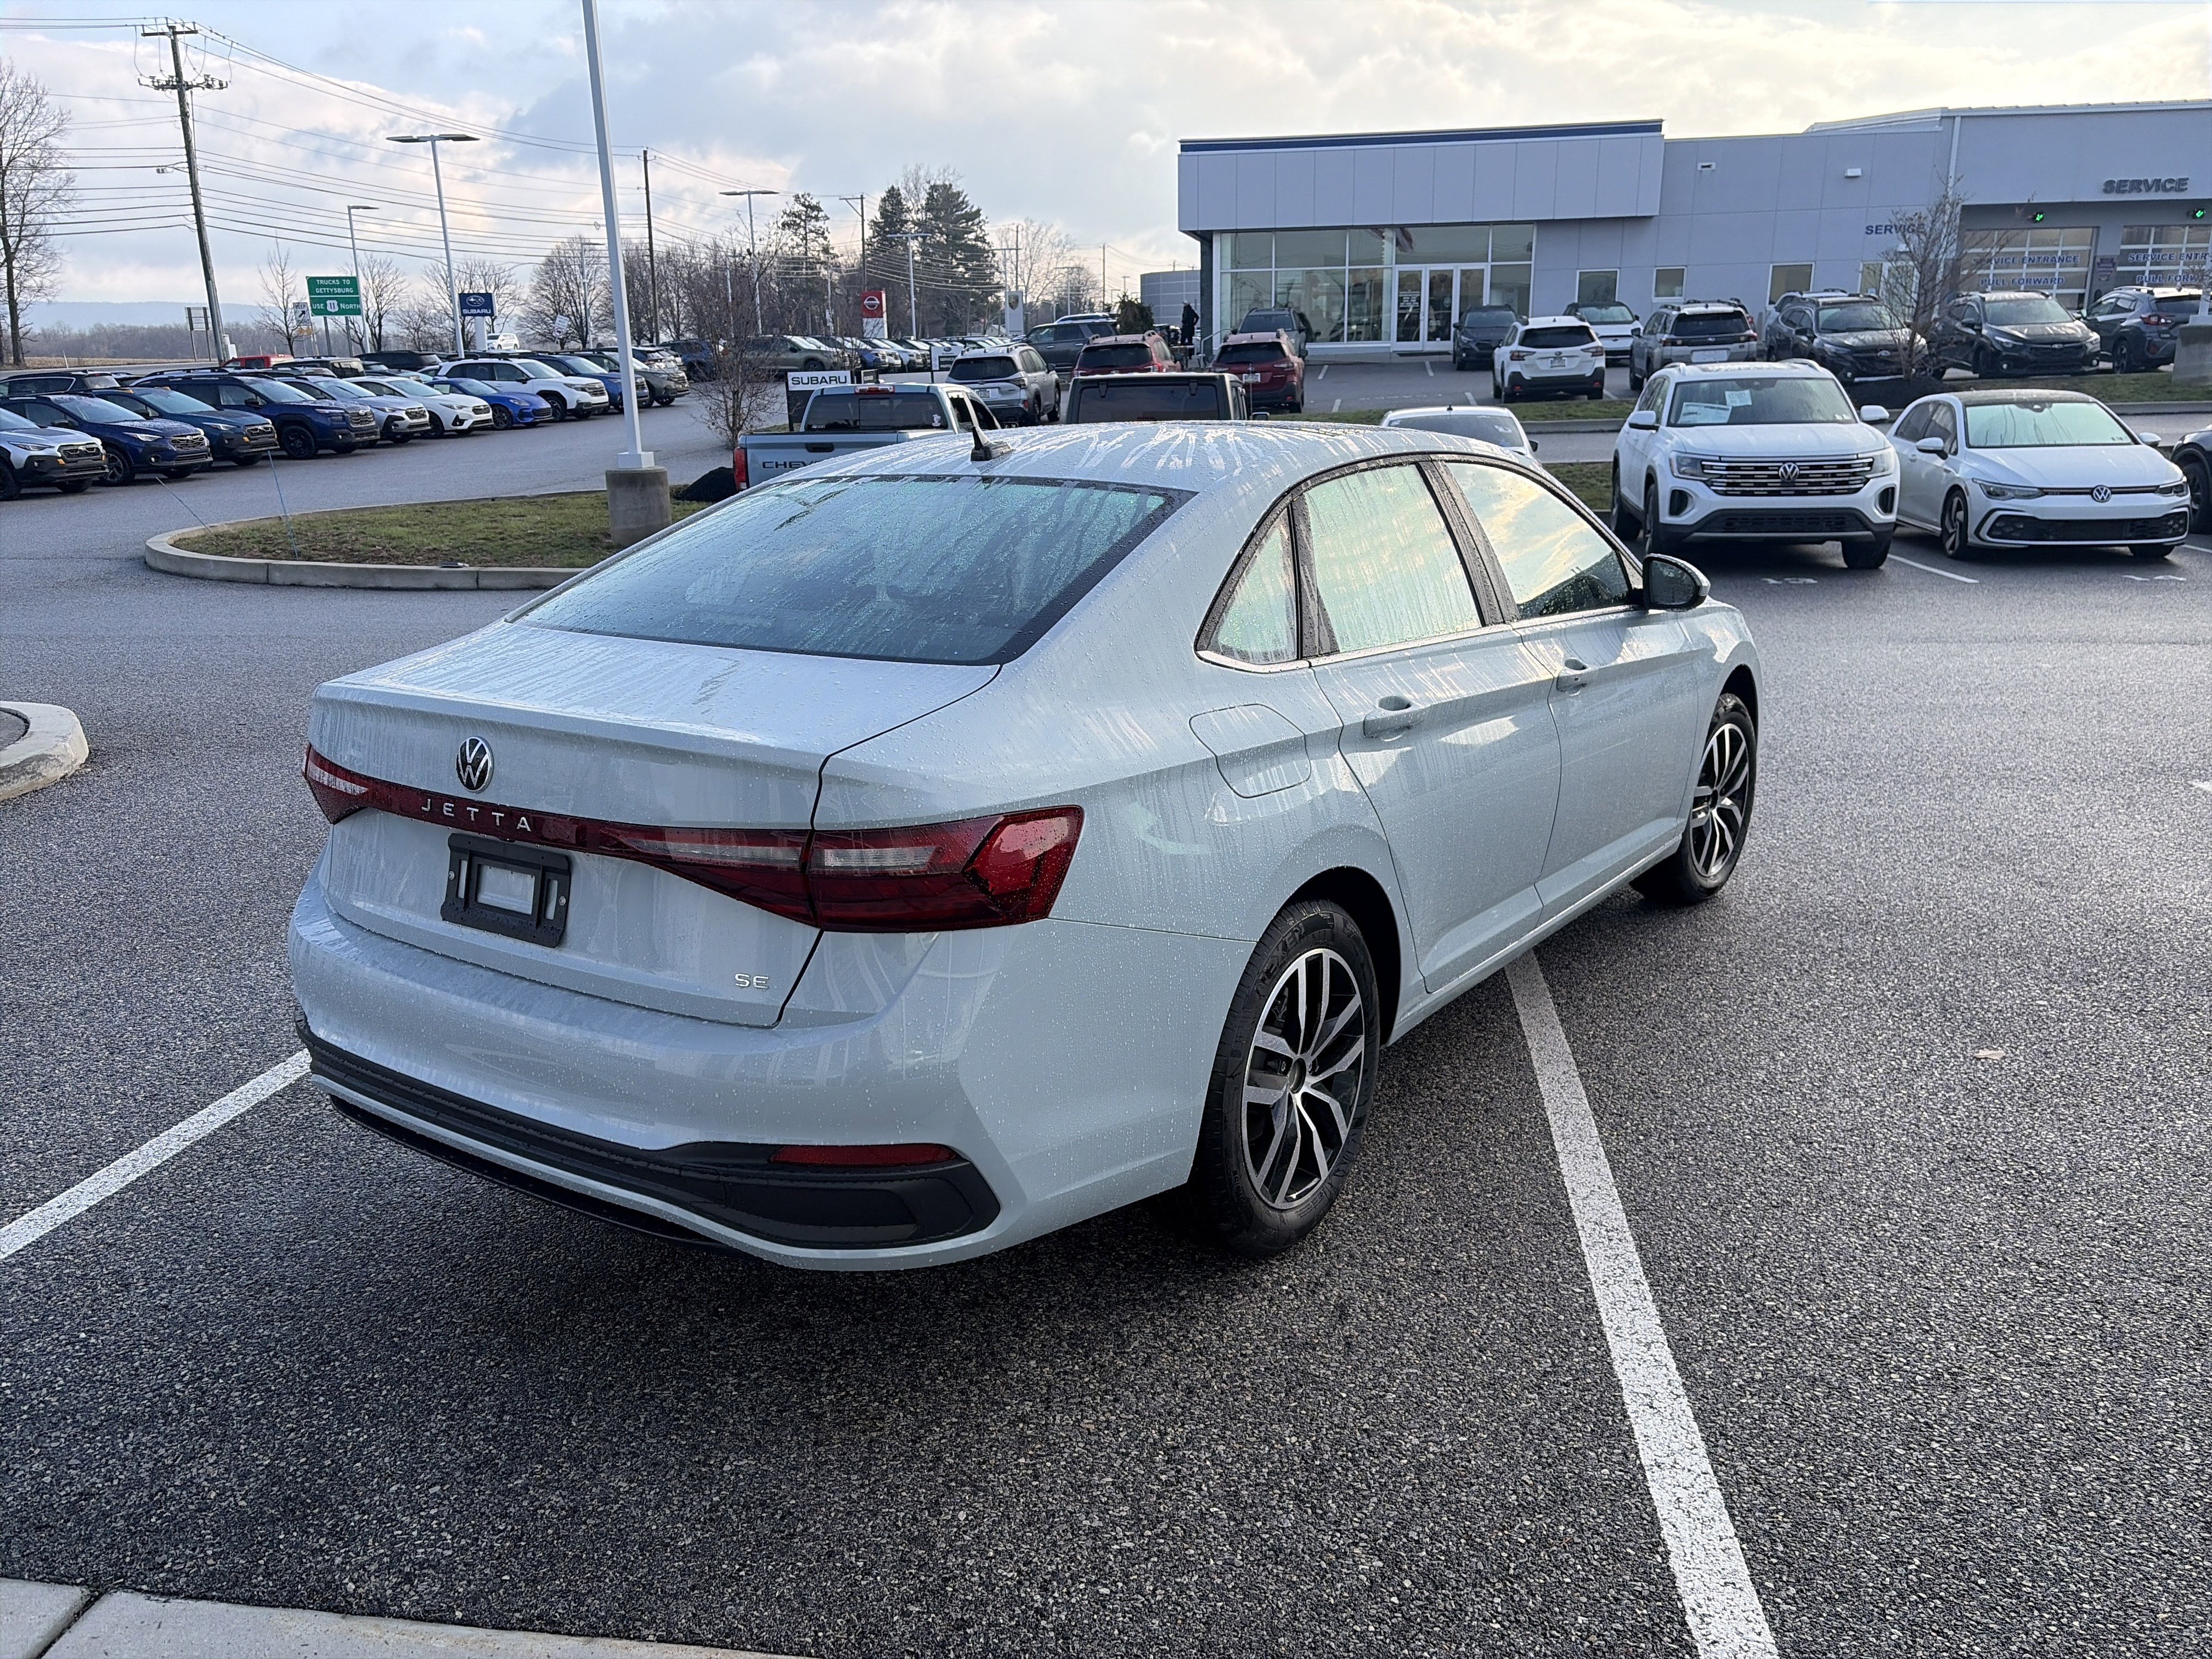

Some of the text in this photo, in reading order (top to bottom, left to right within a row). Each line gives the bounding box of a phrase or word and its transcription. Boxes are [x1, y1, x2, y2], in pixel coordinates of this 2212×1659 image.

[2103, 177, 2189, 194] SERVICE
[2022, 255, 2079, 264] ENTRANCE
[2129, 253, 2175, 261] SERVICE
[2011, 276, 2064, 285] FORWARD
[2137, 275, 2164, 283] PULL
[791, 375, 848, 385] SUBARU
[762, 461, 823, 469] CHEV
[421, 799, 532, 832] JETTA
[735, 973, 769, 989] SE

•••

A faithful, complete copy of the records above is required, one that contains no pictures.

Solution to this exercise:
Some of the text in this photo, in reading order (top to bottom, left to right within a row). Each line gives the bounding box of a phrase or word and its transcription. Boxes are [x1, y1, x2, y2], in pixel coordinates of this 2212×1659 image.

[2103, 177, 2189, 194] SERVICE
[2022, 255, 2079, 264] ENTRANCE
[2129, 253, 2175, 261] SERVICE
[2011, 276, 2064, 285] FORWARD
[2137, 275, 2164, 283] PULL
[791, 375, 848, 385] SUBARU
[762, 461, 823, 469] CHEV
[421, 799, 532, 832] JETTA
[735, 973, 769, 989] SE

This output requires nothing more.